═══ Task inputs ═══

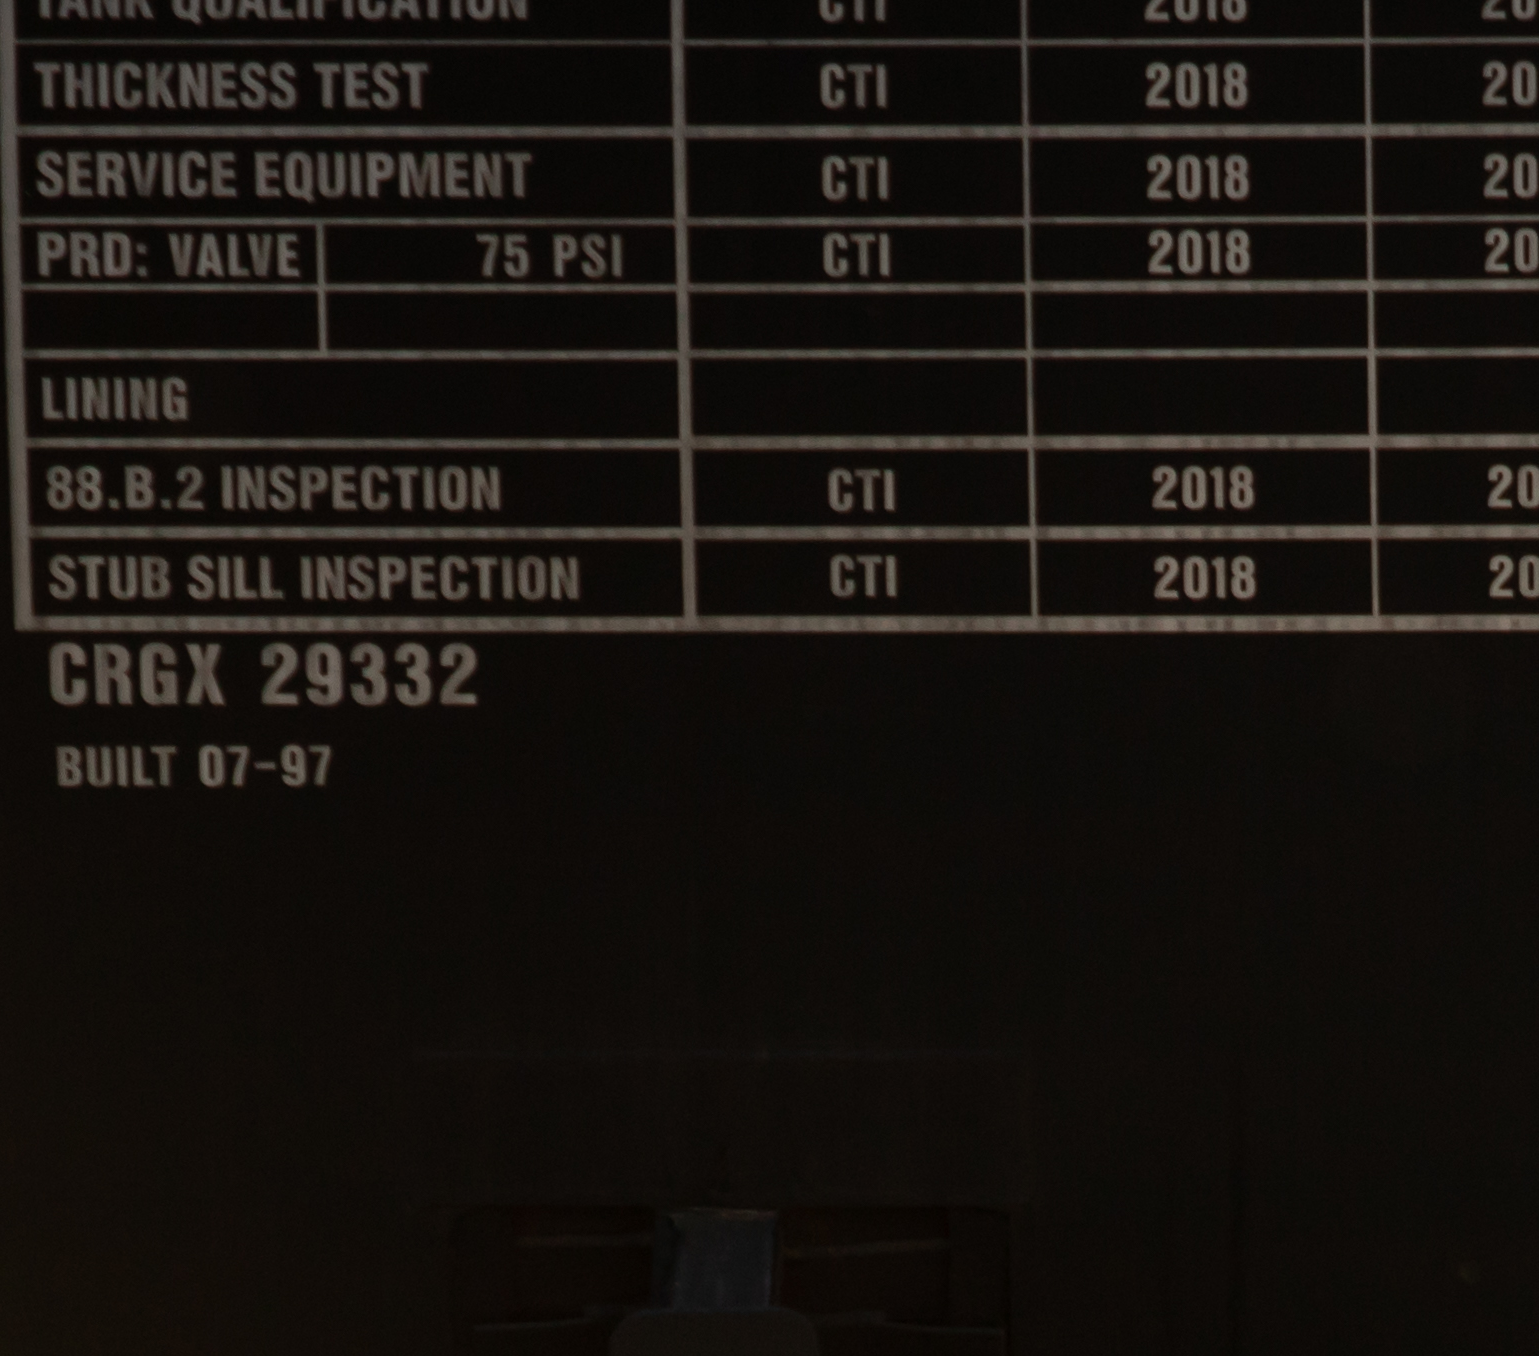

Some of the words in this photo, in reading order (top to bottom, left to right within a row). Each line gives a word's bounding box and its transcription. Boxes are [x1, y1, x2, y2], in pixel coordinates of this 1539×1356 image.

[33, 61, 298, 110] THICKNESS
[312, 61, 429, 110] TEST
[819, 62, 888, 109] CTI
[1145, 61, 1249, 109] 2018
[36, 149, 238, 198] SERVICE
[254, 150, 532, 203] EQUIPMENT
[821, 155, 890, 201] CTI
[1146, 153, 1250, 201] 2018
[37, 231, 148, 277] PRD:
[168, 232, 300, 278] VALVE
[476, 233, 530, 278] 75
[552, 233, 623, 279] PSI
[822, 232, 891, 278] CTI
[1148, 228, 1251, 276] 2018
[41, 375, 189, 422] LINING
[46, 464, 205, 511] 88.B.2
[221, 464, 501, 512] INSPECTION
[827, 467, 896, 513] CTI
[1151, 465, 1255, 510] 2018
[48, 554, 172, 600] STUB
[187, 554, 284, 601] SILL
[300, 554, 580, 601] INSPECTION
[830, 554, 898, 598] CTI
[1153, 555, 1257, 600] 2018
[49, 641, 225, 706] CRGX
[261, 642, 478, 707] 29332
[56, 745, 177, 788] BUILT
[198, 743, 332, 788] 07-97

═══

■ Try it: As you output the material, omit the pictures but alter nothing else.

■ Output below:
Some of the words in this photo, in reading order (top to bottom, left to right within a row). Each line gives a word's bounding box and its transcription. Boxes are [x1, y1, x2, y2], in pixel coordinates of this 1539×1356 image.

[33, 61, 298, 110] THICKNESS
[312, 61, 429, 110] TEST
[819, 62, 888, 109] CTI
[1145, 61, 1249, 109] 2018
[36, 149, 238, 198] SERVICE
[254, 150, 532, 203] EQUIPMENT
[821, 155, 890, 201] CTI
[1146, 153, 1250, 201] 2018
[37, 231, 148, 277] PRD:
[168, 232, 300, 278] VALVE
[476, 233, 530, 278] 75
[552, 233, 623, 279] PSI
[822, 232, 891, 278] CTI
[1148, 228, 1251, 276] 2018
[41, 375, 189, 422] LINING
[46, 464, 205, 511] 88.B.2
[221, 464, 501, 512] INSPECTION
[827, 467, 896, 513] CTI
[1151, 465, 1255, 510] 2018
[48, 554, 172, 600] STUB
[187, 554, 284, 601] SILL
[300, 554, 580, 601] INSPECTION
[830, 554, 898, 598] CTI
[1153, 555, 1257, 600] 2018
[49, 641, 225, 706] CRGX
[261, 642, 478, 707] 29332
[56, 745, 177, 788] BUILT
[198, 743, 332, 788] 07-97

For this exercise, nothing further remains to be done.